In spite of the numerous midwestern people, places, and events in Native American history, the indigenous past and present of the Midwest have not received the same measure of scholarly attention devoted to Indians in the American West. For many midwestern citizens and scholars alike, Native influence in the region seemed to vanish with the early-nineteenth-century erosion of what Richard White called the "middle ground," a transcultural network of fluid relationships between Algonquian Indians and European empires in the Great Lakes region, where neither Natives nor newcomers could impose their will upon the other. In the collective American memory, a nuanced understanding of this history has been largely supplanted by caricatures, and individuals such as Pontiac, Tecumseh, and Black Hawk are more familiar as place-names than as historical figures.

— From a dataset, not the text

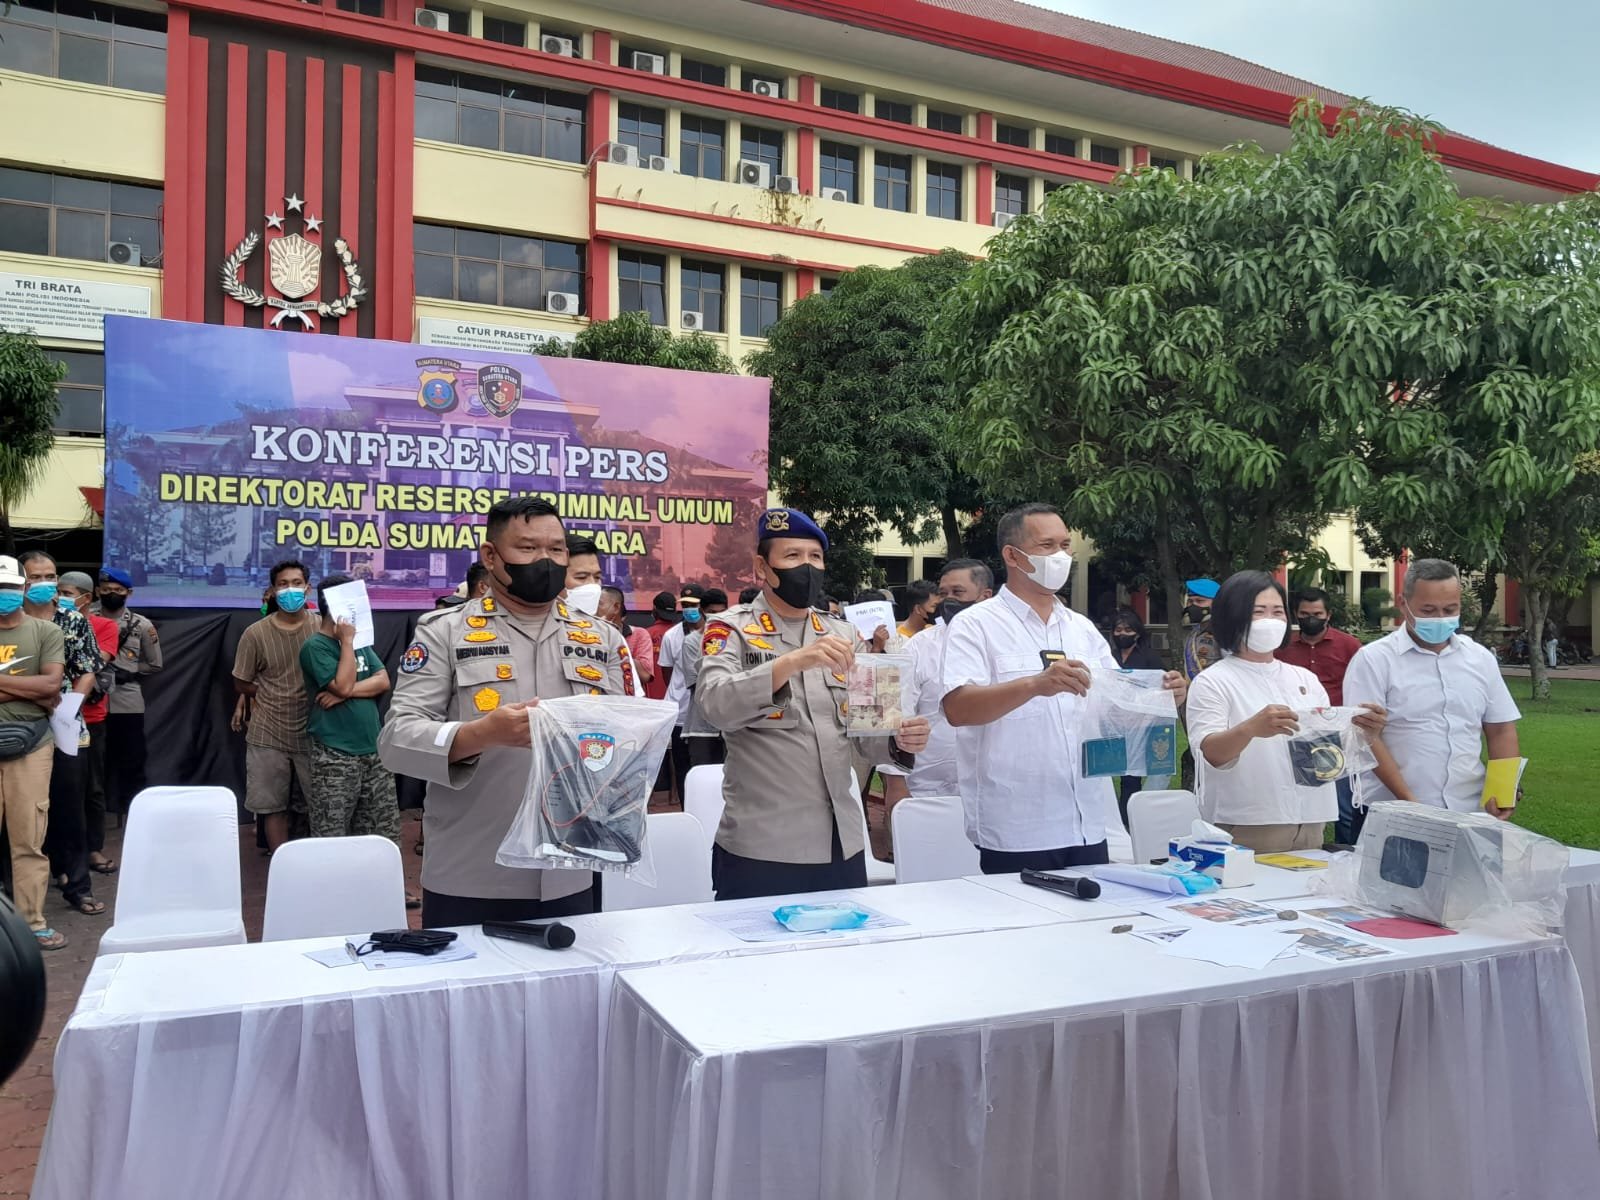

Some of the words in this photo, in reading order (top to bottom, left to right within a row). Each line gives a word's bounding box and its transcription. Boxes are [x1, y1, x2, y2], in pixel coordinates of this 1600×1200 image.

As R. David Edmunds explains in his introduction to Enduring Nations: Native Americans in the Midwest, notwithstanding the presence of nearly 250,000 Indians in the Midwest today, the residents of Wisconsin, Minnesota, and Michigan frequently cast Native peoples as inconsequential vestiges of a quaint past. "Most residents of Ohio, Indiana, or Illinois," Edmunds further asserts, "are unaware of the Indian people living in their midst or that these people and their forebears played a major role in the history of the region and the American nation" (1). The organizing principle of this much-needed volume is a desire to restore the Indians of the Midwest to a place of influence in regional history.

Although Donald L. Fixico's An Anthology of Western Great Lakes Indian [End Page 111] History (1987) and Helen Hornbeck Tanner's Atlas of Great Lakes Indian History (1987) have proven to be useful resources for scholars in the field, in the more than twenty years since their publication few works beyond White's The Middle Ground (1991) have attempted to clearly illuminate a distinctively midwestern Indian experience. To remedy this problem, Enduring Nations assembles the work of twelve scholars who have made significant contributions to the study of American Indian history in the western Great Lakes region. The resulting collection of essays provides an entry point into a wide and diverse field of study.

In the opening chapter Alan G. Shackelford discusses the ways in which numerous pre-Columbian societies in the American Bottom floodplain adapted to and manipulated their environment. While the settlement at Cahokia may not have been as populous as previously thought, Shackelford underscores its expansive influence in terms of trade networks. According to Shackelford, "ironically, the same factors of environment and geography that earlier had drawn Illinois tribespeople to the Confluence Region also made it attractive to French settlers" (30). As Lucy Eldersveld Murphy demonstrates in her essay, the same can be said of the British and American settlers drawn to the lead-mining regions of Illinois and Wisconsin where Sauk, Meskwaki, and Ho-Chunk women had been collecting and trading lead for thousands of years. Murphy shows that in an unusual twist Anglo male "lead rushers" took over the roles of Indian women in mining and farming.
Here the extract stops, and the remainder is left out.